I messaged her that day and told her she could stay at my home in Salt Lake City. I don't have a huge house, but it happened that at this time my girls were sharing a room and there was a spare bed in the toy room. I did warn her she would be sharing a room with the Barbie Dream house. She seemed excited, even delighted that I would offer her such LUXURIOUS accommodations.

When Aly arrived my first response was, "She's wearing a bowler hat! I love it!" I IMMEDIATELY liked her. We hit it off instantly. Driving back to my house she kept saying "Whoa! Mountains!" I forget how amazing the mountains are here.

Over the course of just a few days we discovered we had a LOT in common, but beyond that it was more a paradoxical kindred connection that could not be rationally explained.

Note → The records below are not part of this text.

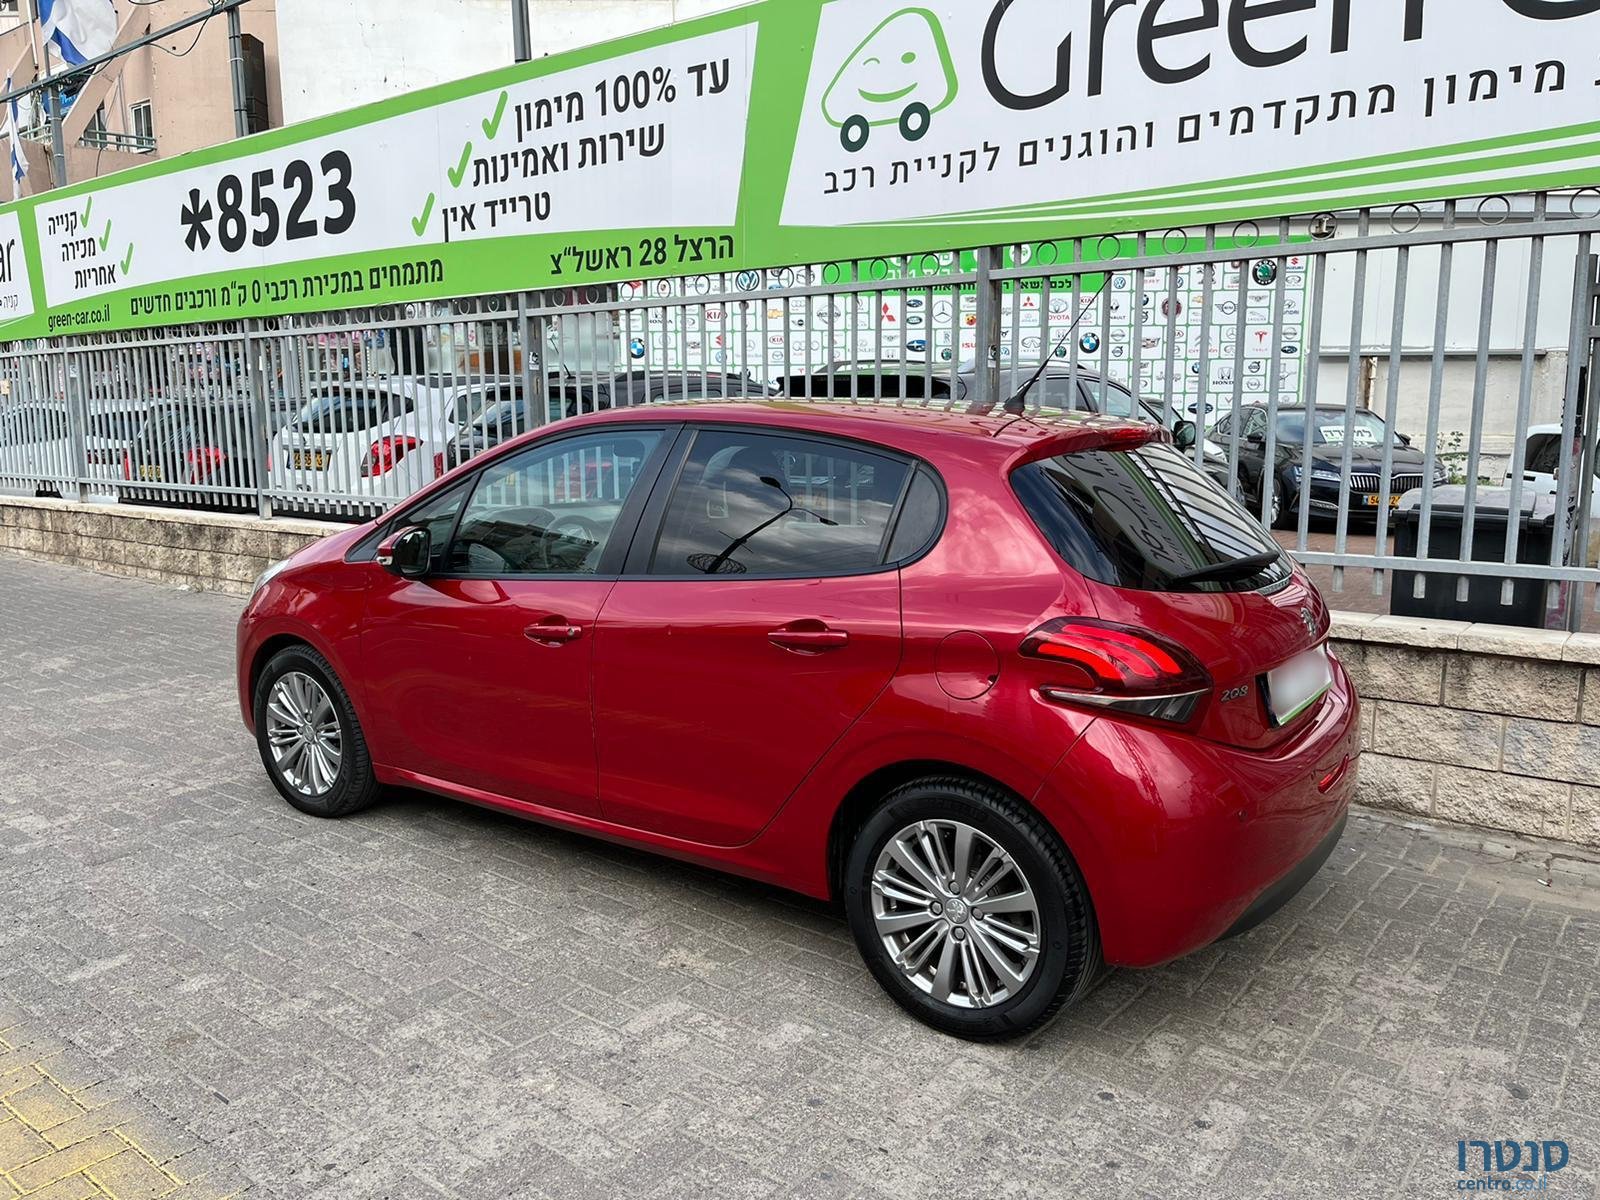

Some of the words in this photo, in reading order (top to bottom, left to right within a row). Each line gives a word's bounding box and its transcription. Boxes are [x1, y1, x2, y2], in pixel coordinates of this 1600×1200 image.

[595, 66, 677, 117] 100%
[687, 57, 730, 97] עד
[1424, 60, 1565, 117] מימון
[514, 91, 584, 143] מימון
[1178, 83, 1396, 144] מתקדמים
[578, 123, 665, 169] שירות
[1018, 121, 1154, 167] והוגנים
[472, 142, 569, 188] ואמינות
[889, 140, 1000, 183] לקניית
[823, 165, 875, 195] רכב
[48, 211, 78, 236] קנייה
[442, 203, 477, 243] אין
[484, 191, 551, 228] טרייד
[61, 237, 97, 262] מכירה
[639, 237, 667, 266] 28
[674, 234, 734, 263] הרצל
[74, 264, 117, 289] אחריות
[302, 271, 364, 298] במכירת
[369, 258, 444, 290] מתמחים
[130, 293, 171, 317] חדשים
[175, 287, 217, 312] ורכבים
[251, 279, 261, 304] 0
[265, 278, 298, 303] רכבי
[48, 304, 110, 332] green-car.co.il
[1220, 684, 1249, 702] 208

The invisible forces that mystically guide our destiny intersected, creating an inexplicable cosmic event. By all accounts, we were meant to meet.
Aly is about to meet a fox

She is an actor - so am I.
She plays the Ukelele - So do I.
She grew up with shelties - Really? So did I!
She plays D&D? - I LOVE RPG!
She loves all things fantasy -Me too!!
. . .  and she writes?!?! I DO TOO!!!


We would talk and share and talk more and laugh and goof off like teenagers. We would stop and goo at the same things. We bought identical pens without knowing it. 

It was like a part of me, a part of who I used to be, the happy, joyous part of me . . . returned. The young, carefree spirit, nymph-like in origin, of who I always believed I was but lost between marriage, kids, job, life . . . came back in the form of a person I had never met.

Since then we have stayed in contact and grown as friends. Her novel ON THE ISLE OF SOUND AND WONDER was released in November 2014. Aly's family has hit some hard times as her father was diagnosed with cancer and she is forging forward with a fundraiser to help with the medical expenses. As a way to help support her family Aly has set up a GiveForward account and Xchyler Publishing is GENEROUSLY giving ALL proceeds from her book made on MARCH 4th to this cause. I've always loved the support my publisher has given to us authors. It's a unique and wonderful partnership. 

When I decided to be an author I always had the goal of changing lives for the better, I didn't expect mine to be changed as well. 

Thanks Aly! 

There is always a room ready for you when you need it!